**DATA IN THIS EXERCISE:**
□ □ □ □ □

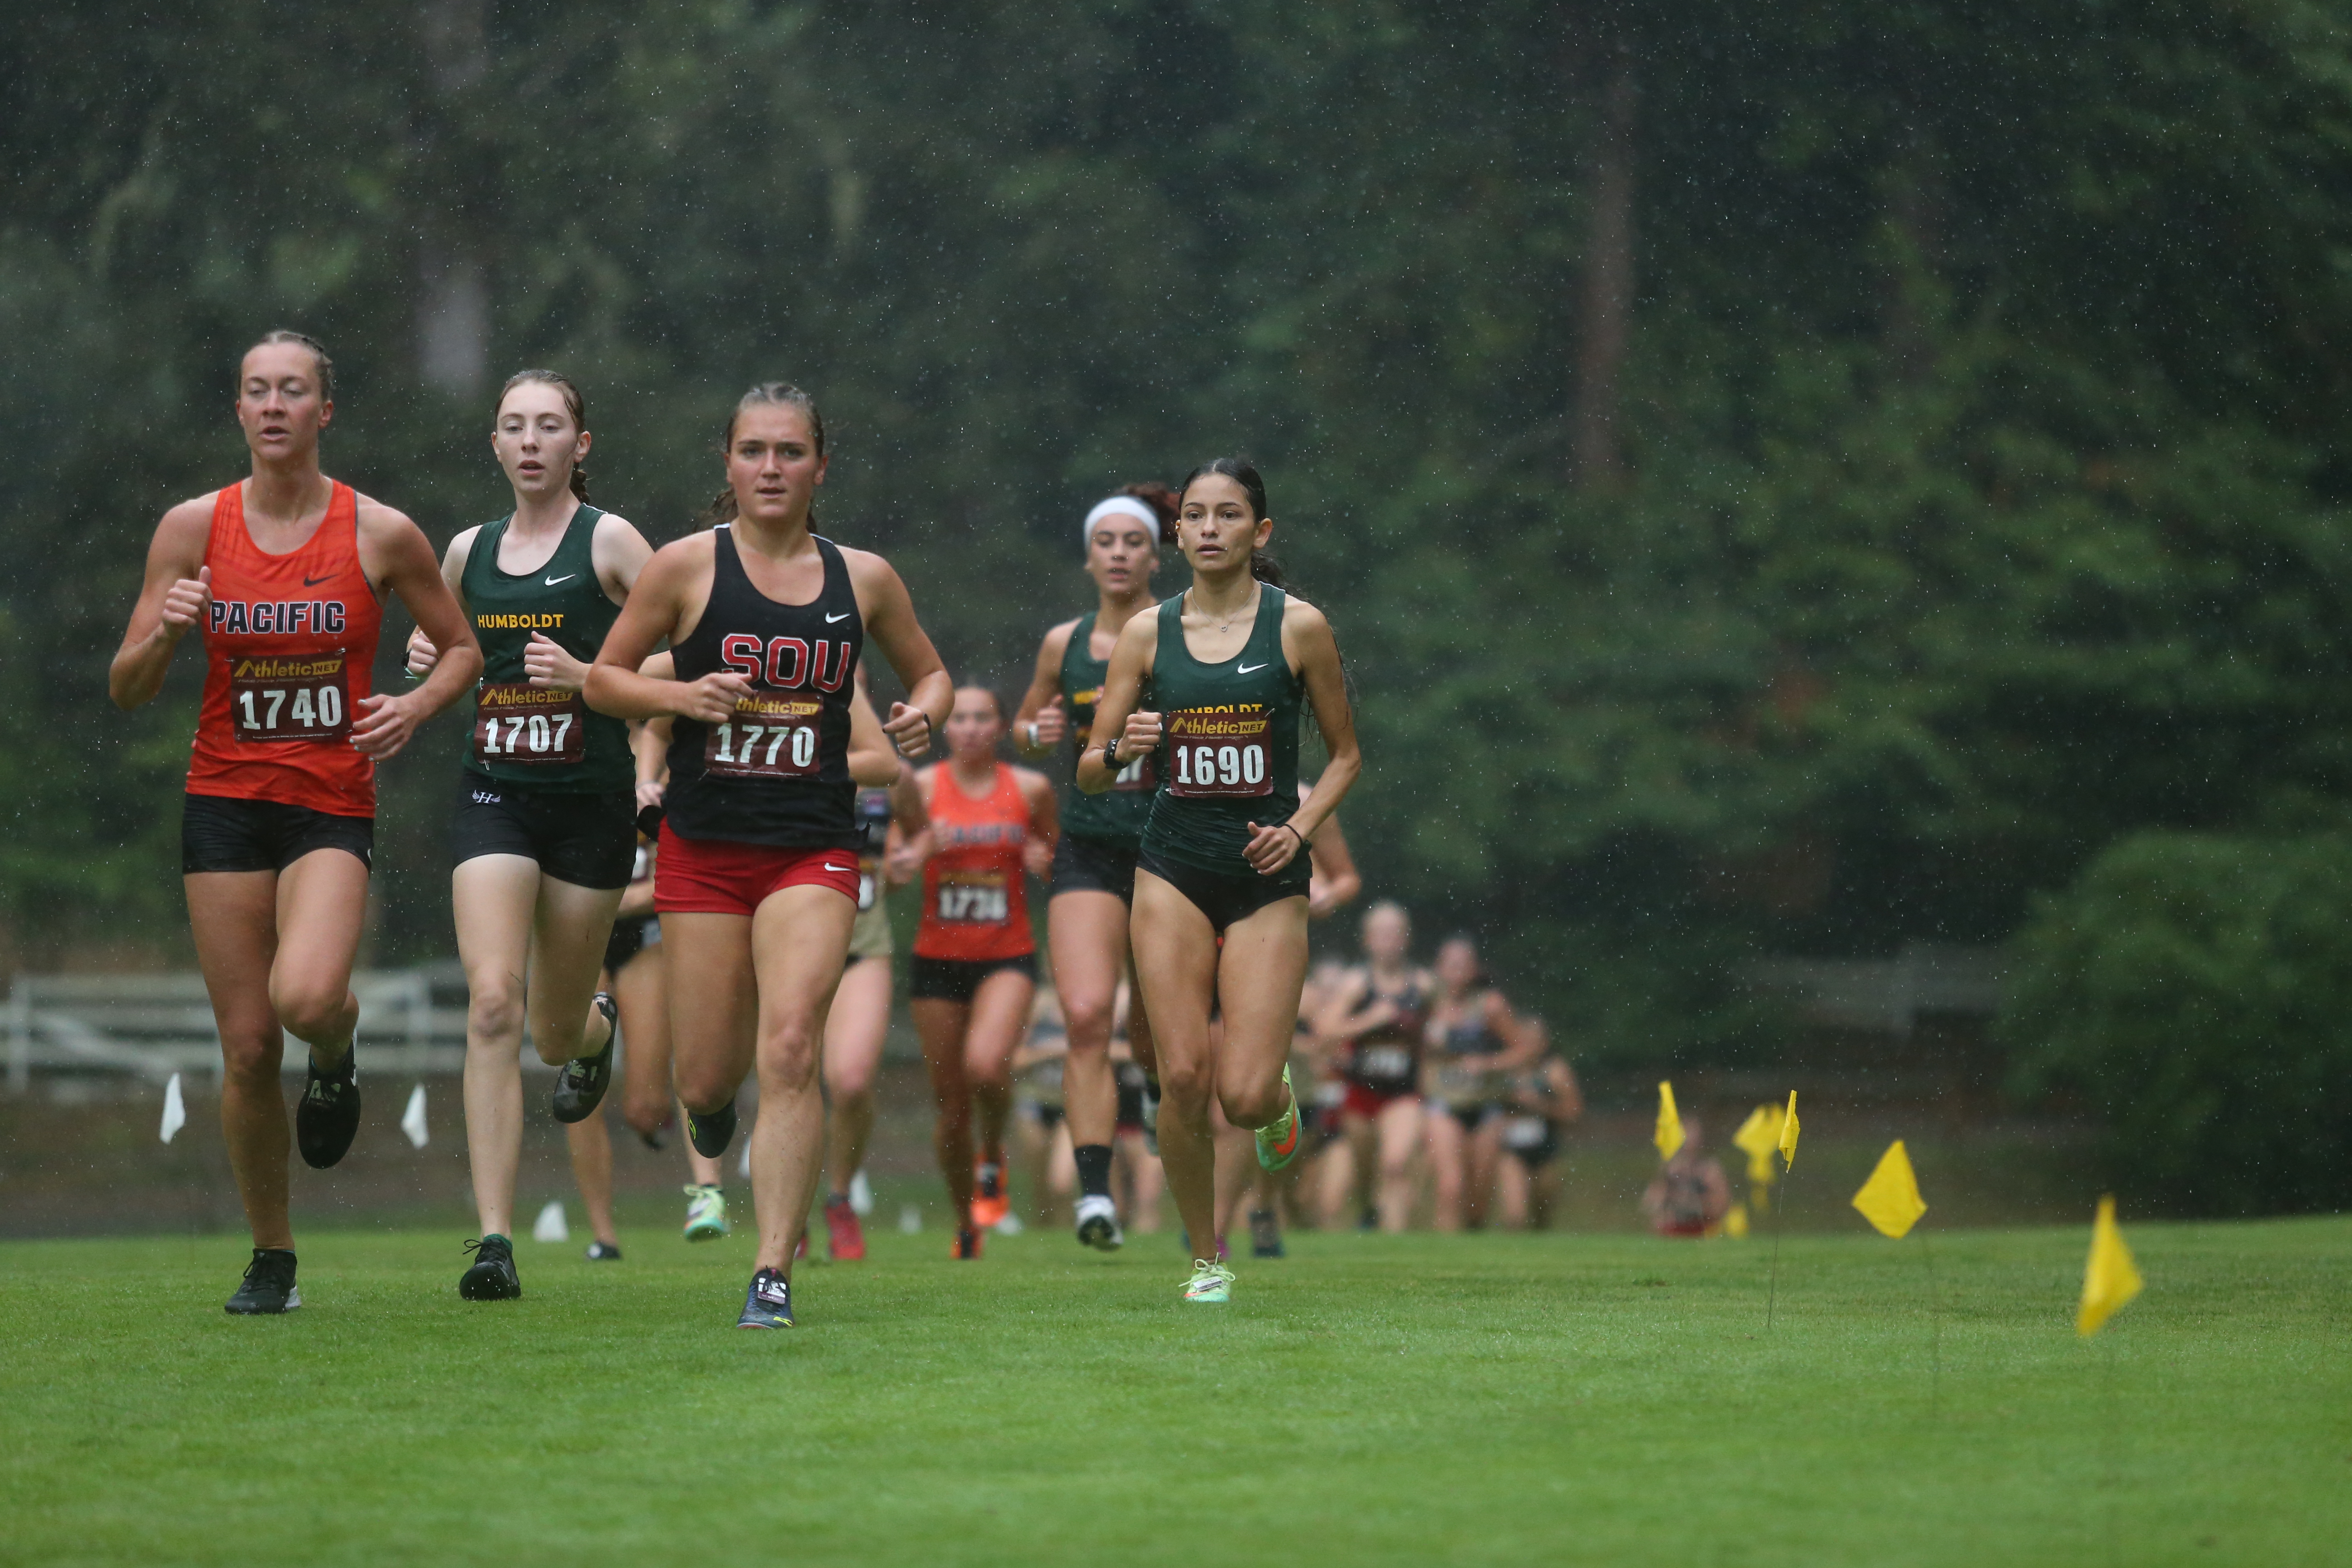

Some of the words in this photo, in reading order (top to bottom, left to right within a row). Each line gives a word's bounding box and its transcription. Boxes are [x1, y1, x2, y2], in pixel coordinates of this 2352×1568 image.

[210, 601, 345, 634] PACIFIC
[478, 614, 564, 628] HUMBOLDT
[722, 633, 851, 693] SOU
[240, 686, 342, 730] 1740
[735, 696, 790, 714] thletic
[1173, 704, 1263, 714] BOLDT
[484, 713, 573, 753] 1707
[715, 723, 815, 767] 1770
[1177, 745, 1264, 785] 1690
[476, 792, 494, 804] H
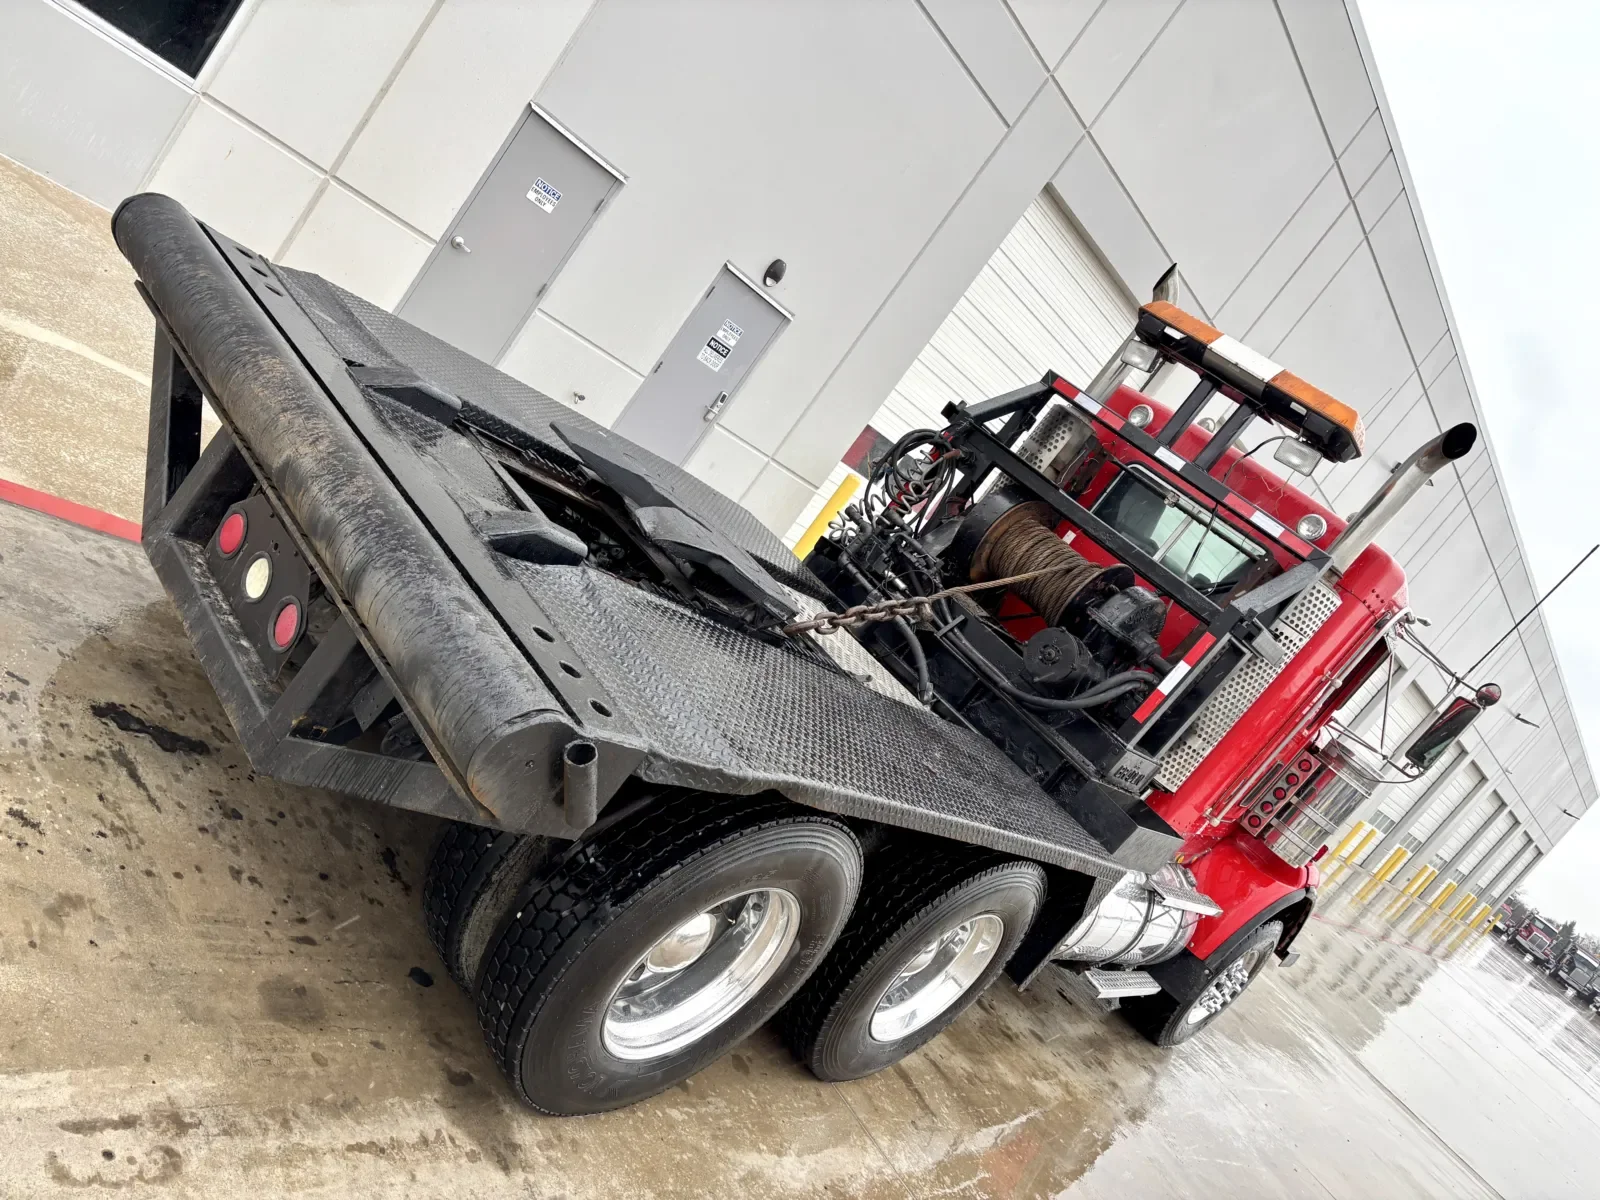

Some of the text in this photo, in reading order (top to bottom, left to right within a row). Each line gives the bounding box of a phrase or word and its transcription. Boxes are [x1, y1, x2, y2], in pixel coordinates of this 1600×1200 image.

[531, 187, 556, 207] EMPLOYEES
[536, 180, 560, 200] NOTICE
[535, 197, 546, 207] ONLY
[724, 321, 743, 336] NOTICE
[708, 339, 729, 356] NOTICE

□ □ □ □ □

**REQUIRED WORK:** Give back the whole of the material exactly, with the pictures removed.

**WRITTEN ANSWER:**
Some of the words in this photo, in reading order (top to bottom, left to right within a row). Each line gives a word's bounding box and its transcription. Boxes are [x1, y1, x2, y2], in pixel coordinates of this 2352×1568 image.

[210, 601, 345, 634] PACIFIC
[478, 614, 564, 628] HUMBOLDT
[722, 633, 851, 693] SOU
[240, 686, 342, 730] 1740
[735, 696, 790, 714] thletic
[1173, 704, 1263, 714] BOLDT
[484, 713, 573, 753] 1707
[715, 723, 815, 767] 1770
[1177, 745, 1264, 785] 1690
[476, 792, 494, 804] H

Some of the text in this photo, in reading order (top to bottom, left to right within a row). Each line gives the bounding box of a phrase or word and its transcription. Boxes are [x1, y1, x2, y2], in pixel coordinates of this 1600×1200 image.

[531, 187, 556, 207] EMPLOYEES
[536, 180, 560, 200] NOTICE
[535, 197, 546, 207] ONLY
[724, 321, 743, 336] NOTICE
[708, 339, 729, 356] NOTICE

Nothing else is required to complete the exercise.